Weird intermediate sleep state

I am currently experiencing a weird issue (one of the ones i mentioned here) regarding sleep.

I closed my laptop and put it in my bag when i left the house this morning. While I was out i heard the laptop make the kubuntu “low battery” noise in my bag, which told me that it hadn’t fully gone to sleep and was still on. I plugged it in and after playing around with opening and closing it (and not being sure if it was awake or asleep or just waking up since it takes about 10-15 seconds), i briefly see the login screen showing it had about 8% battery left when it was almost certainly at or near 100 before leaving the house.

Now my laptop is open and charging with a dark screen, a solid white power LED, no response at all from the keyboard and trackpad that i can tell (caps lock light doesn’t work), no response to having an external HDMI monitor plugged in, no response to a USB-A mouse being plugges in (it does not appear to be receiving any kind of power), but i can hear the fan spinning so i imagine it must be on or doing something.

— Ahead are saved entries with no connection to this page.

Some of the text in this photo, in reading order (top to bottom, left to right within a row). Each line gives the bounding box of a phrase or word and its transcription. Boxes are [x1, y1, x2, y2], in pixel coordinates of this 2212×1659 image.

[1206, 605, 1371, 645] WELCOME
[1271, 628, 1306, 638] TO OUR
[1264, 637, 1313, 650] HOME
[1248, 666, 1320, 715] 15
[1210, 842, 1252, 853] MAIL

I’m not sure if my attempts to open/close the lid to get it to show me a UI were what caused this, but i suspect its now stuck in some kind of intermediate sleep state where it seems like the keyboard/trackpad/screen are disabled by the firmware, but the laptop seems to be on. I know I can hold the power button to shut the laptop off and reboot it, but id like to see if i can preserve any chance i have of saving logs if possible so i can help diagnose/fix this issue.

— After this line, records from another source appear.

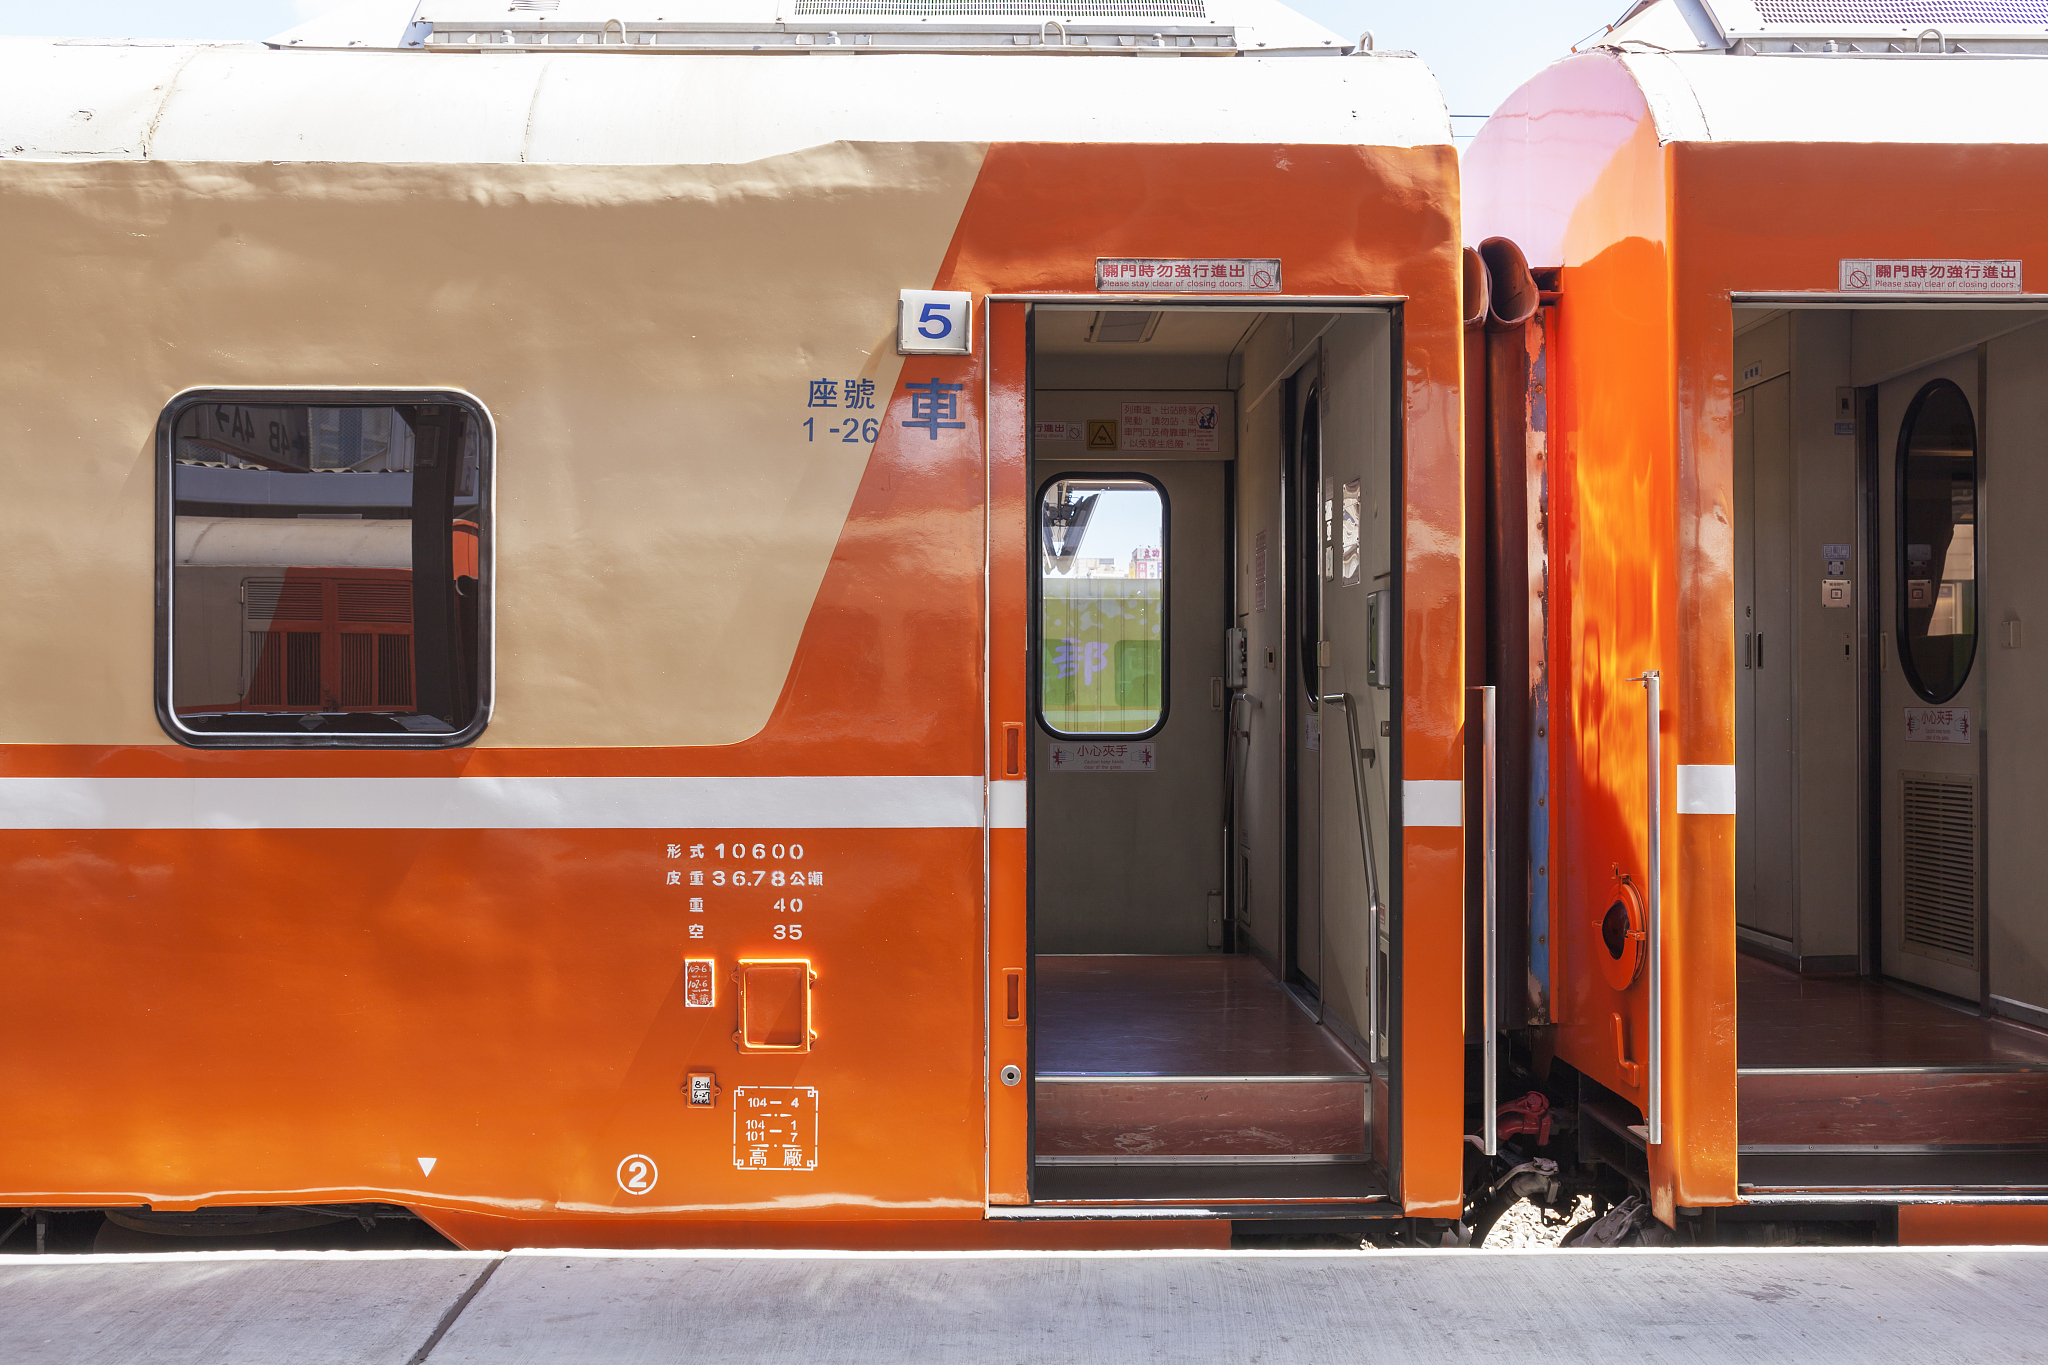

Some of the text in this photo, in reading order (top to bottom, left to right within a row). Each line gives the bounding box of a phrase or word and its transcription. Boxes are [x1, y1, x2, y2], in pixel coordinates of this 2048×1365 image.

[1102, 264, 1245, 278] 關門時勿強行進出
[1875, 264, 2016, 279] 關門時勿強行進出
[1131, 280, 1150, 289] stay
[1175, 279, 1185, 287] of
[1187, 280, 1216, 289] closing
[1875, 280, 2015, 289] Please stay clear of closing doors.
[917, 303, 952, 339] 5
[807, 377, 876, 409] 座號
[902, 377, 966, 440] 車
[802, 417, 879, 443] 1-26
[1921, 710, 1953, 725] 小心夾手
[1077, 744, 1128, 757] 小心夾手
[667, 843, 804, 860] 形式 10600
[666, 870, 704, 886] 皮重
[689, 897, 803, 913] 重 40
[688, 923, 803, 940] 空 35
[745, 1119, 766, 1130] 104
[745, 1131, 798, 1142] 101 7
[749, 1147, 803, 1167] 高廠

OS: Kubuntu (21.10 i think)
BIOS: 3.07 i think

I’ve seen this happened to me. Didn’t bother enough to troubleshoot it.

Have you tried plugging in an external keyboard? Is the OS running in the background to give you USB input?

just tried this and im seeing no indication that an external USB-A keyboard even has power. I suspect that the ports are disabled (or in some low power state) along with the internal keyboard and (maybe) trackpad. Attempting to pressing the volume/mute buttons on the internal keyboard to try and get the device to make a sound has no affect either.

Given that my laptop takes a while to wake from sleep, I wonder if i was just impatient and tried closing the lid (to reopen it and re-trigger the wakeup process, thinking it was still asleep) while it was trying to wake up. Is it known whether there’s any kind of debounce/timeout on the lid sensor to prevent multiple rapid inputs from causing problems?

It might be related…but a well designed / built laptop should be able to get to whatever the current state is. i.e. If this does turn out to be the issue… I would expect Framework to close this gap.

honestly id be willing to (at least try to) make the contribution myself if i can get to a reproducible test case and/or get logs of what happened

Good man! I was only able to ‘run into’ it a handful of times…unintentionally.

What happened in your case? anything specific about what you were doing when this happened that could be useful?

To my recollection, there was nothing out of the ordinary. I closed down all the apps, closed the lid, came back after 8 hours the next morning…open the lid…and it was just stuck like yours. In my case, no data loss as I don’t typically leave sessions opened / running.

It sounds like your suspend process is hanging. Since the OS is responsible for establishing that, I would just recommend that you upgrade to 22.04. Or try to figure out what is causing the process to hang or error out.

I’m using Ubuntu 22.04 LTS and it is rock solid. Standby performance has been fantastic. I let the laptop sleep for 19+ hours from 80%. It used only 37% for nearly 20 hours. That is really good. My laptop was cold the whole time and in sleep mode the whole time.

quick search seems to bring up systemd - Kubuntu 20.04 Shutdown/Reboot Hangs At "Waiting for process: crond" - Unix & Linux Stack Exchange. Thanks for the new rabbit hole to investigate!

do you think its likely ill be able to get a shell into my current system without hard rebooting?

i don’t know how i didnt notice before but the side LED on the side where my charger is connected is blinking red or orange (cant really tell) with a 50% duty cycle (half the time its on, half the time its off).

edit: some research indicates that this is normal charging behavior. is this right?

The LEDs on the sides of the Mainboard should blink red when the Power Adapter is plugged in.

edit: unplugging and replugging in the power cord makes the LED change to solid white as the laptop is fully charged. so maybe that was nothing important

in BIOS 3.07 there is a bug where the power limit met led indication (blinking amber) happens when the battery is full, even without a charge limit. If it went back to solid white when the charger was replugged, this is expected behavior.